Foto: Gage Skidmore, CC BY-SA 2.0.
Stell dir vor, dass ein einziges Unternehmen fast fünf Prozent aller Bitcoins weltweit in seinen Händen hält. Während der durchschnittliche Krypto-Anleger sich noch über unerwartete Kursrückgänge sorgt, führt ein gigantisches börsennotiertes Unternehmen eine beispiellos aggressive Kaufaktion durch. Ihr erklärtes Ziel: bis Ende dieses Jahres die Marke von einer Million Bitcoin zu erreichen – mit enormen positiven Folgen für den Kurs.
Gigantische Käufe treiben den Bitcoin-Kurs
Das Unternehmen ist Strategy, geführt vom bekannten Investor Michael Saylor. Sie investieren nahezu ihr gesamtes verfügbares Kapital in die digitale Währung. Derzeit halten sie bereits über 738.000 Bitcoin (BTC) in ihrem Bestand. Um ihr Ziel von einer Million bis zum Jahreswechsel zu erreichen, müssen sie noch über 261.000 Stück hinzukaufen. Das ist eine starke Nachricht für alle Anleger: Wenn ein so großer Marktteilnehmer den Markt wöchentlich leerkauft, entsteht automatisch eine enorme Knappheit. Und das Prinzip ist bekannt: Wird etwas selten, steigt der Wert.
Millionen Dollar pro Woche fließen in den Markt
Um dieses Ziel zu erreichen, muss das Unternehmen ein kaum vorstellbares Tempo aufrechterhalten. Analysten haben errechnet, dass sie für den Rest des Jahres wöchentlich über 6.000 Coins hinzukaufen müssen. Das entspricht mindestens 523 Millionen Dollar, die alle sieben Tage in den Markt fließen. Insgesamt handelt es sich um eine Gesamtinvestition von über 22 Milliarden Dollar. Obwohl das enorm klingt, liegen sie klar im Plan. Allein in diesem Jahr kauften sie fast 65.000 Coins – deutlich schneller als ihr historischer Durchschnitt. Zur Finanzierung dieser Käufe geben sie zusätzlich Aktien aus.
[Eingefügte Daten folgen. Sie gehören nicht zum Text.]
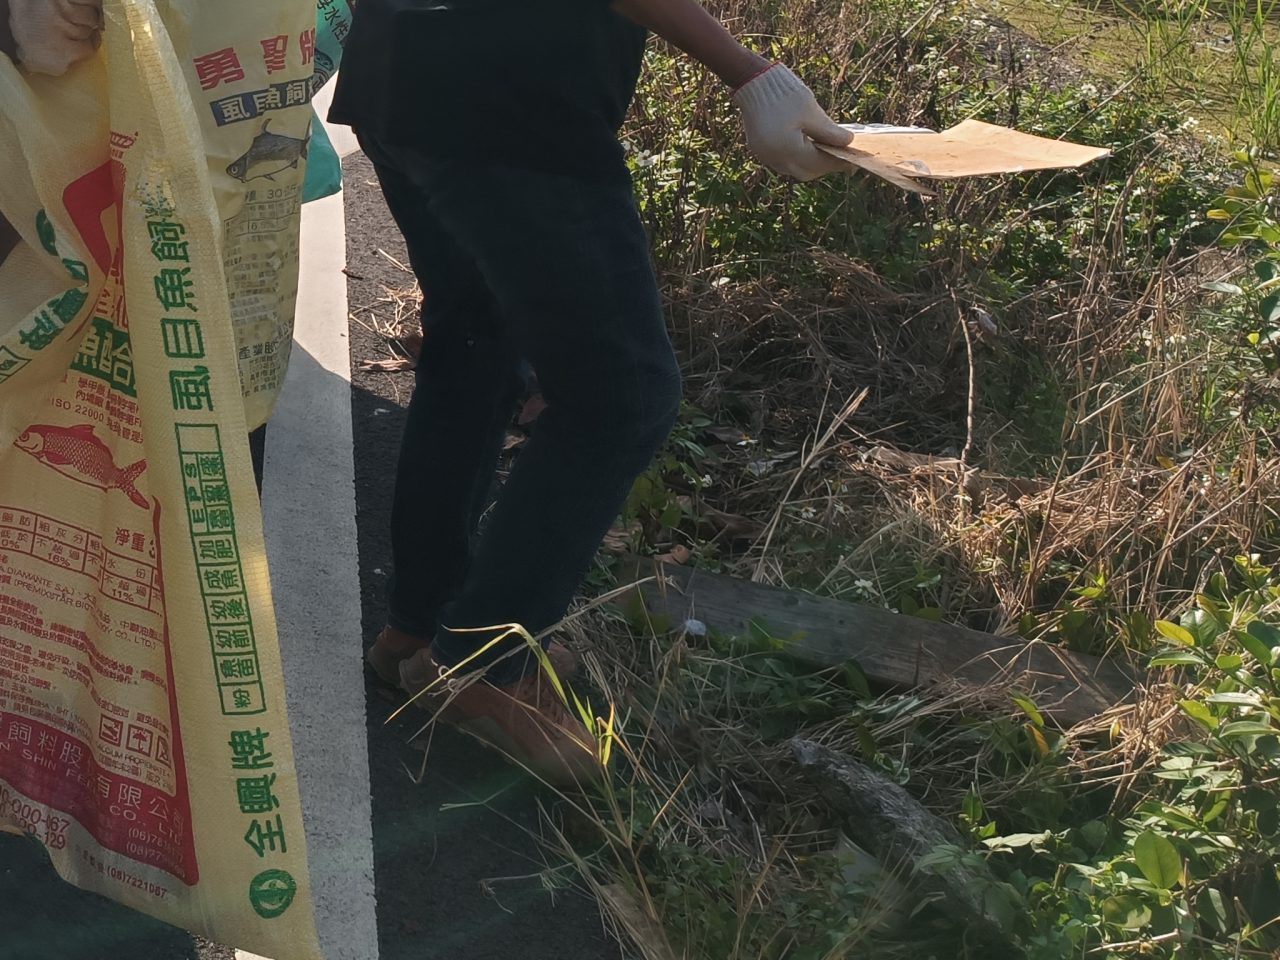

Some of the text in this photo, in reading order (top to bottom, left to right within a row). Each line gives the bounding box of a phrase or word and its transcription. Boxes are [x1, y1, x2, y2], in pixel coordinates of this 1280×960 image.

[52, 397, 104, 422] ISO 22000
[22, 748, 57, 771] SHIN
[228, 726, 288, 857] 全興牌
Für den privaten Anleger ist das ein starkes Signal. Hält Strategy dieses Tempo, trocknet das Angebot an den Börsen schnell aus. Wer jetzt Geduld beweist und seine Coins hält, könnte schon bald erheblich von diesem unstillbaren Hunger nach Bitcoin profitieren.
Gleichzeitig stellen manche die Frage, ob es bedenklich ist, dass ein einzelner Marktteilnehmer auf diese Weise eine enorme Marktmacht aufbaut. Kann Bitcoin noch als dezentral gelten, wenn Strategy als einzelne Einheit bereits fast fünf Prozent aller im Umlauf befindlichen Bitcoins besitzt?